Unnamed: 0,0,1,2,3,4,5,6,7,8,9,...,190,191,192,193,194,195,196,197,198,199
0,0.0,0.0,0.0,0.0,0.0,0.0,0.0,0.0,0.0,0.0,...,0.0,0.0,0.0,0.0,0.0,0.0,0.0,0.0,0.0,0.0
1,0.443647,0.128096,0.704819,-0.413601,-0.615326,0.510453,0.081257,-0.65561,-0.357054,-0.387023,...,0.600914,-0.826428,-0.043708,-0.699184,-0.719986,0.412833,0.103456,-1.462709,0.466236,0.383801
2,-0.429288,-0.016554,0.384819,0.113181,-1.462845,0.261847,-0.875737,-0.451588,0.548763,-0.459796,...,0.000568,0.446239,0.302111,-0.397178,-0.675476,0.05389,0.523819,0.075026,0.311938,-0.055834
3,0.674015,0.280386,0.416335,-0.870266,0.490471,-0.532294,0.146954,-0.918494,0.201321,-0.624855,...,-0.092502,0.504301,0.192321,-0.295859,0.08463,-0.107387,0.118977,0.602776,-0.274779,-0.051925
4,-0.007329,-0.039159,0.599992,-0.76129,-0.340942,-0.756368,-0.926788,0.02548,0.299273,-0.697997,...,-0.180548,-0.031146,-0.675957,-0.666593,0.342779,0.510544,0.873011,0.061182,0.068458,0.256529


In [63]:
# Read in the python dictionaries of the lexicons
# from which to build the lexicon embeddings.
f = BytesIO(file_io.read_file_to_string('AFINN-96-lex.bin', binary_mode=True))
lex_afinn = msgpack.unpack(f, raw=False)

f = BytesIO(file_io.read_file_to_string('MSOL-June15-09-numeric.bin', binary_mode=True))
lex_msol = msgpack.unpack(f, raw=False)

f = BytesIO(file_io.read_file_to_string('bing-liu-opinion-lex.bin', binary_mode=True))
lex_bing = msgpack.unpack(f, raw=False)

f = BytesIO(file_io.read_file_to_string('NRC-EmoLex-polarity.bin', binary_mode=True))
lex_emolex = msgpack.unpack(f, raw=False)

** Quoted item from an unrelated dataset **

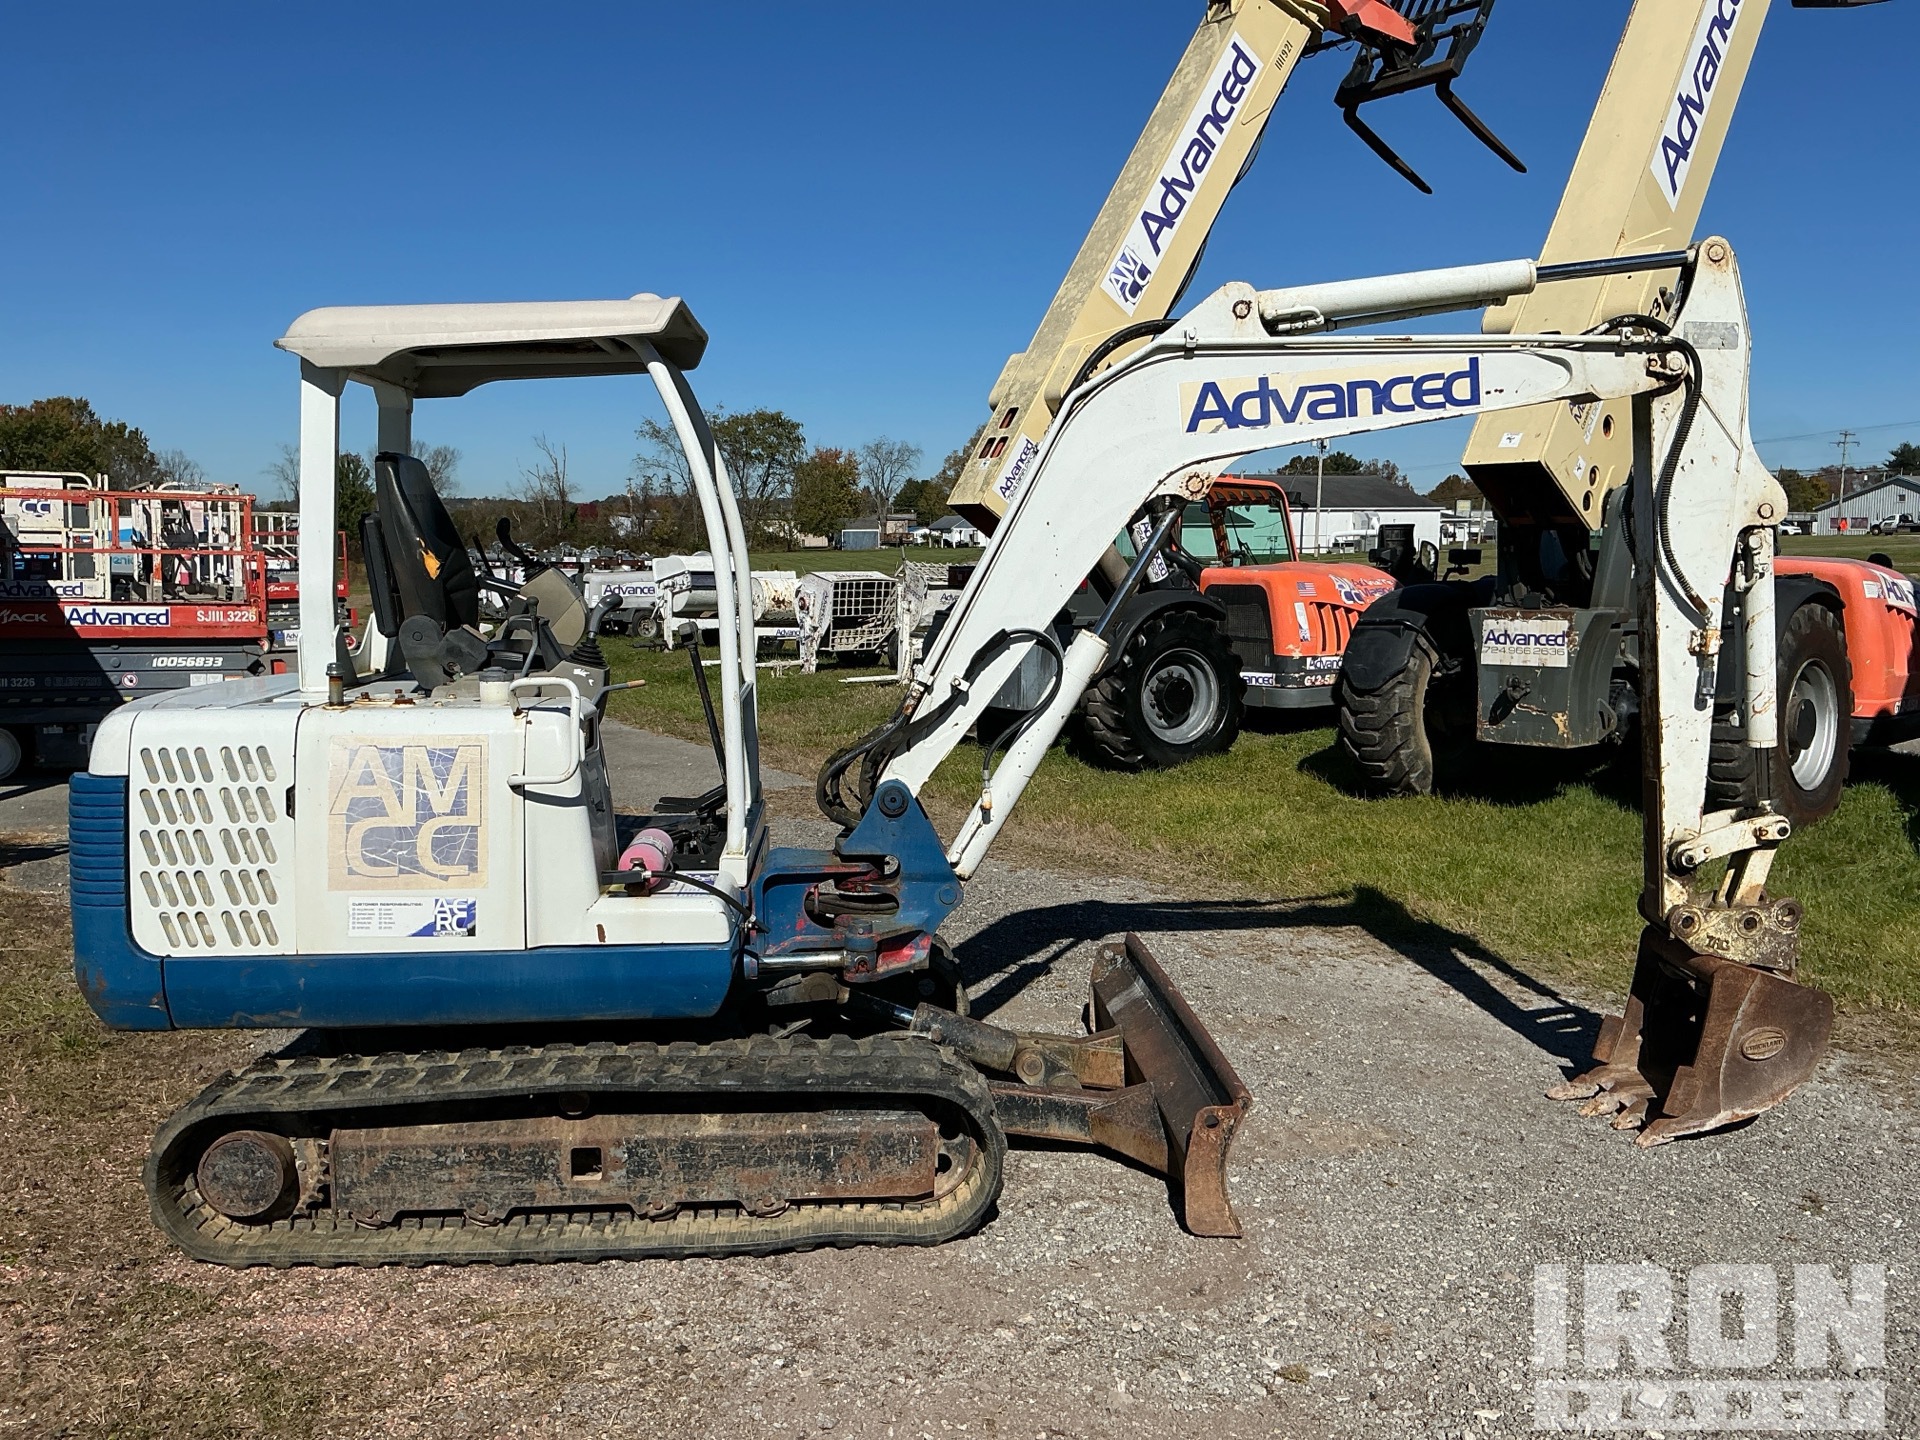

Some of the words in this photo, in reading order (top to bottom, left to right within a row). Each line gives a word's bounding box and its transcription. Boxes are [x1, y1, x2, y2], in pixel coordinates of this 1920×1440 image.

f = BytesIO(file_io.read_file_to_string('abusive-words-lex-first-occ.bin', binary_mode=True))
lex_abusive = msgpack.unpack(f, raw=False)

In [64]:
# Convert AFINN to pandas dataframe.
lex_afinn_df = pd.DataFrame.from_dict(lex_afinn, orient='index', columns=['afinn_polarity']) 
lex_afinn_df.head()

Unnamed: 0,afinn_polarity
abandon,-0.4
abandons,-0.4
abandoned,-0.4
absentee,-0.2
absentees,-0.2


In [65]:
# Convert MSOL to pandas dataframe.
lex_msol_df = pd.DataFrame.from_dict(lex_msol, orient='index', columns=['msol_polarity']) 
lex_msol_df.head()

Unnamed: 0,msol_polarity
10cc,1.0
12-16-18-foot_skiff,1.0
"2,4,5-t",-1.0
"2,4-d",-1.0
3-d,1.0


In [66]:
# Convert bing to pandas dataframe.
lex_bing_df = pd.DataFrame.from_dict(lex_bing, orient='index', columns=['bing_polarity']) 
lex_bing_df.head()

Unnamed: 0,bing_polarity
a+,1.0
abound,1.0
abounds,1.0
abundance,1.0
abundant,1.0


In [67]:
# Convert emolex to pandas dataframe.
lex_emolex_df = pd.DataFrame.from_dict(lex_emolex, orient='index', columns=['emolex_polarity']) 
lex_emolex_df.head()

Unnamed: 0,emolex_polarity
abandon,-1.0
abandoned,-1.0
abandonment,-1.0
abba,1.0
abduction,-1.0


In [68]:
# Convert abusive words to pandas dataframe.
lex_abusive_df = pd.DataFrame.from_dict(lex_abusive) 
lex_abusive_df.head()

Unnamed: 0,abusive_lex
187,0.328716
1984,-0.043314
419,0.247129
86,0.082784
abandon,-0.097071


## V3 Lexicons (AFINN polarity, MSOL polarity, Bing polarity, EmoLex polarity)

In [69]:
# Join the dataframes on the words.
merged_lex_df = pd.merge(lex_afinn_df, lex_msol_df, left_index=True, right_index=True, how='outer')
merged_lex_df = pd.merge(merged_lex_df, lex_bing_df, left_index=True, right_index=True, how='outer')
merged_lex_df = pd.merge(merged_lex_df, lex_emolex_df, left_index=True, right_index=True, how='outer')
merged_lex_df.head(10)

Unnamed: 0,afinn_polarity,msol_polarity,bing_polarity,emolex_polarity
10cc,,1.0,,
12-16-18-foot_skiff,,1.0,,
"2,4,5-t",,-1.0,,
"2,4-d",,-1.0,,
2-faced,,,-1.0,
2-faces,,,-1.0,
3-d,,1.0,,
420,,1.0,,
505,,1.0,,
a,,-1.0,,


## Prep lexicons to be joined with the word embeddings.

In [70]:
# Since words exists in each lexicon that are not in others, 
# treating both as sparse data.
# Replacing NaN with zeros.
merged_lex_df.fillna(0, inplace=True)
merged_lex_df.head()

Unnamed: 0,afinn_polarity,msol_polarity,bing_polarity,emolex_polarity
10cc,0.0,1.0,0.0,0.0
12-16-18-foot_skiff,0.0,1.0,0.0,0.0
"2,4,5-t",0.0,-1.0,0.0,0.0
"2,4-d",0.0,-1.0,0.0,0.0
2-faced,0.0,0.0,-1.0,0.0


In [71]:
# Now merge the lexicon dimensions with the word embeddings using the vocab.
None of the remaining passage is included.